2. Methods and results

2.1. Empirical experiments

We collected five colonies of R. speratus during August–October 2013, from pine–oak forests at Yoshida (colony codes: A–D) in the northern suburbs of Kyoto, Japan, and at Zeze (colony code: E) in southern Shiga, Japan. All colonies were brought back to the laboratory with colonized wood, and termites were collected and used for experiments within 3 days. We used third-stage or larger workers to construct shelter tubes because larvae and small workers are unable to build them [22]. Groups of 50 and 400 workers were randomly selected from each colony and placed on a block of mixed sawdust (36 mm diameter×15 mm height) at the centre of a long plastic container (221×141×37 mm). The sawdust block was prepared from brown rotten pinewood and cellulose powder (Nacalai Tesque, Kyoto, Japan) and mixed at a ratio of 5 : 1 by volume as construction material and food. We made five replicates of 400 workers and five replicates of 50 workers from each of five colonies. Thus, we used 2250 workers from each colony, in total. The plastic containers were maintained at 25°C under a 16 L : 8 D photoperiod for 30 days. The termites constructed shelter tubes from the block and/or covered the bottom of their container with mats consisting of particles of mixed sawdust and faeces (electronic supplementary material, figure S1). Two types of shelter tubes were constructed: an edging shelter tube and a non-edging shelter tube. The former type was constructed along the edge of container, and the latter was laid in the middle of the bottom of the plate (electronic supplementary material, figure S1). After 30 days, we photographed each plastic container with a digital camera (D300, Nikon, Tokyo, Japan) to record resulting structures. We then disassembled the nests and counted the number of surviving individuals. Dead individuals were buried with mixed sawdust and faeces in the containers (electronic supplementary material, figure S2). Because a large amount of the materials was used to bury the corpses in the groups with low survival rate, shelter tube construction can be affected by high mortality. To remove the effect of undertaking behaviour, we excluded data of groups whose survival rates were less than or equal to 0.5 from following analysis (electronic supplementary material, table S1).

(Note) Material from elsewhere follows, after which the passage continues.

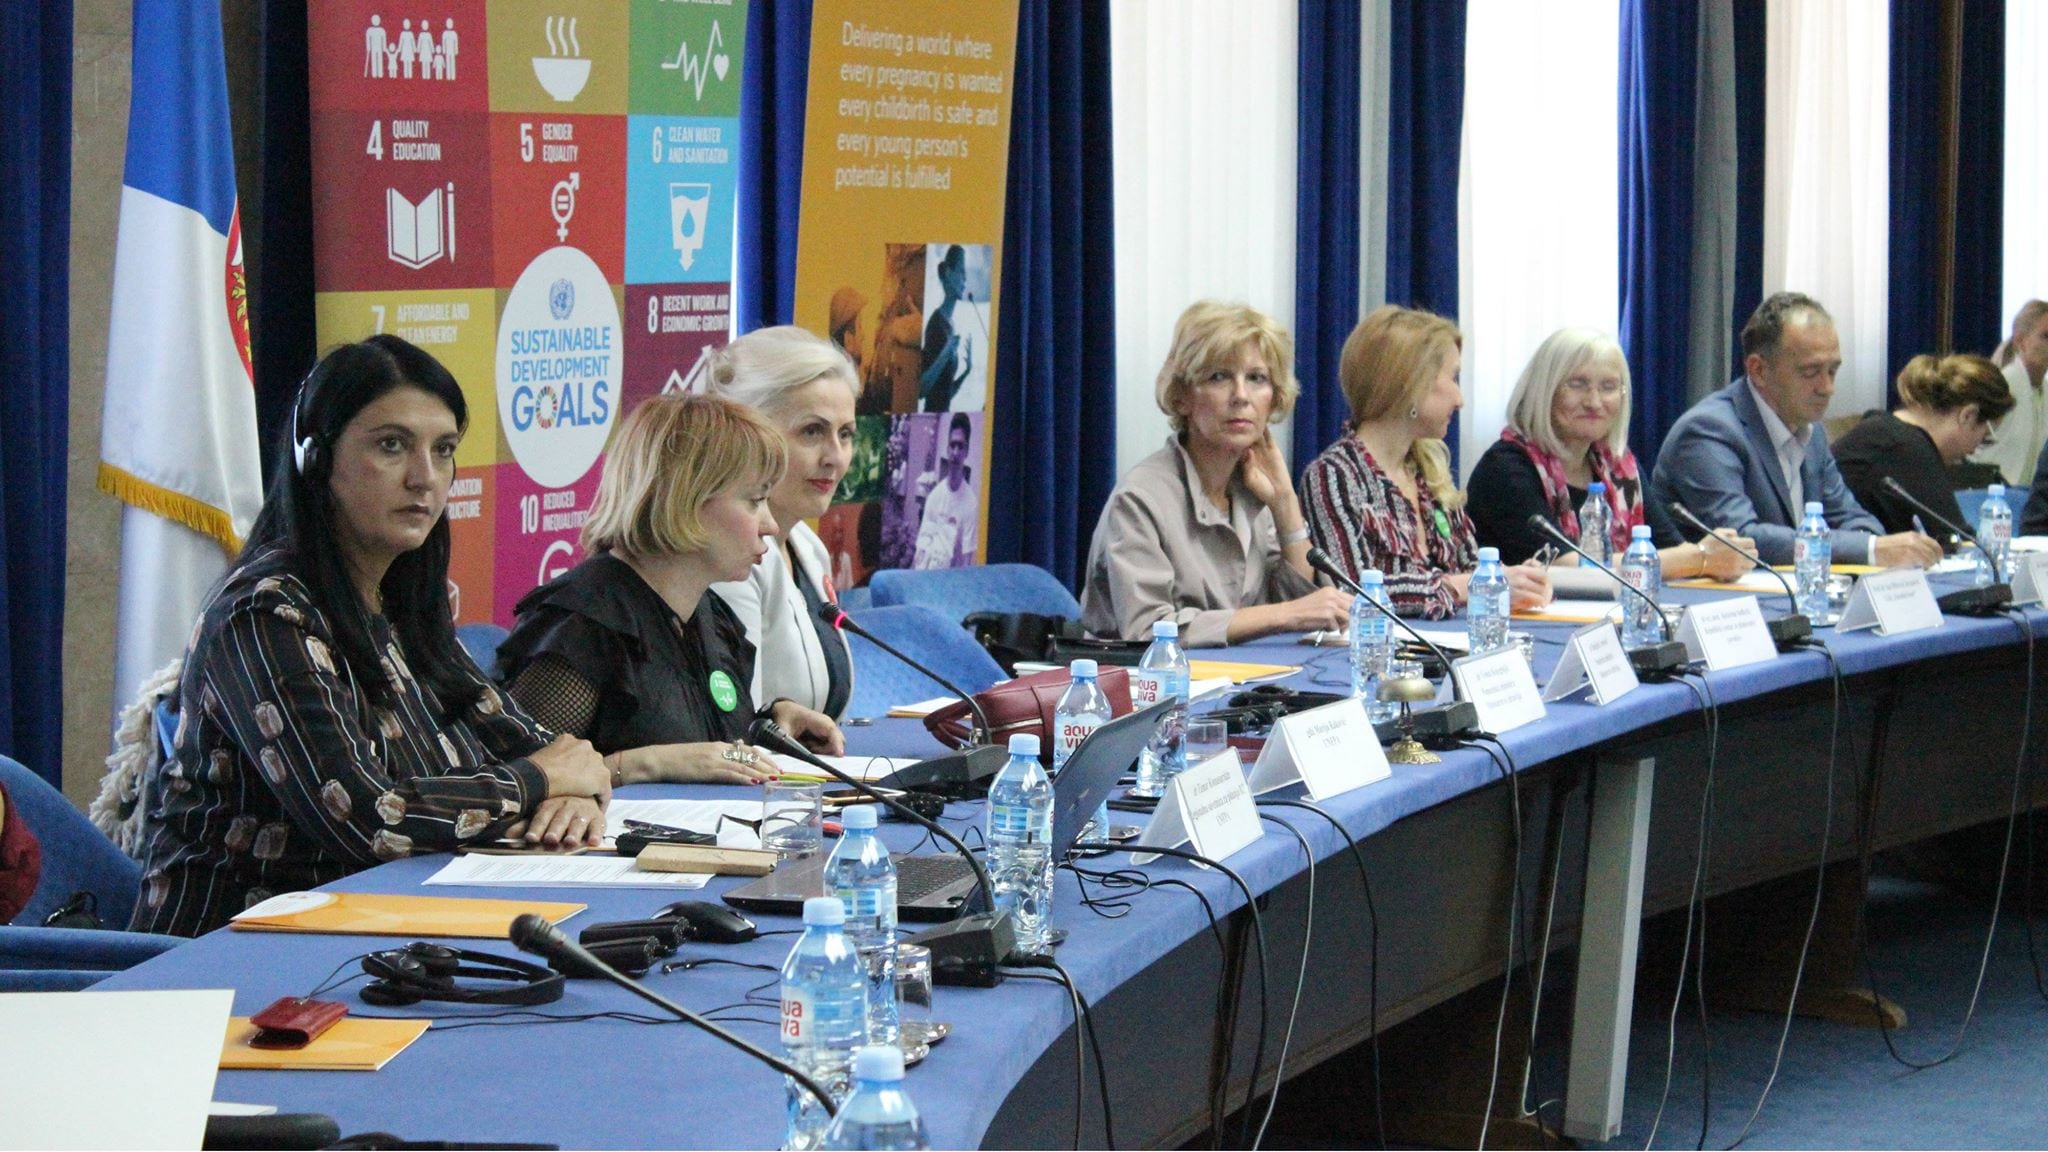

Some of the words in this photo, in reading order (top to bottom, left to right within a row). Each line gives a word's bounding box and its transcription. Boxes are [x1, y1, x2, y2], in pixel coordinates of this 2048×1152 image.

Termites constructed two main types of structures: shelter tubes and mats. After construction, we analysed the morphology of these structures. We adjusted photographs so that 1 pixel represented approximately 1 mm (220×140 pixels), converted them to black-and-white so that brown areas (nest construction) became white and backgrounds became black. To measure the perimeters of the white areas, we eliminated small pieces of sawdust, faeces or individuals that were less than 50 pixels and small holes in structures that were less than 10 pixels (electronic supplementary material, figure S3). To analyse the structures, we measured the perimeters (mm) and the areas (mm²) of nest constructions. Perimeters were separately measured along edges (3 mm from edge of the container) and away from edges (electronic supplementary material, figure S3). To examine intercolonial variation in structures, we tested differences in perimeters and areas using one-way ANOVA for each group size, respectively. All analyses were performed using the ‘EBImage’, ‘biOps’ and ‘car’ packages implemented in R v. 3.1.2 (R Development Core Team, Vienna, Austria) and Adobe Photoshop v. 11.0.2 (Adobe Systems, Inc., San Jose, CA, USA).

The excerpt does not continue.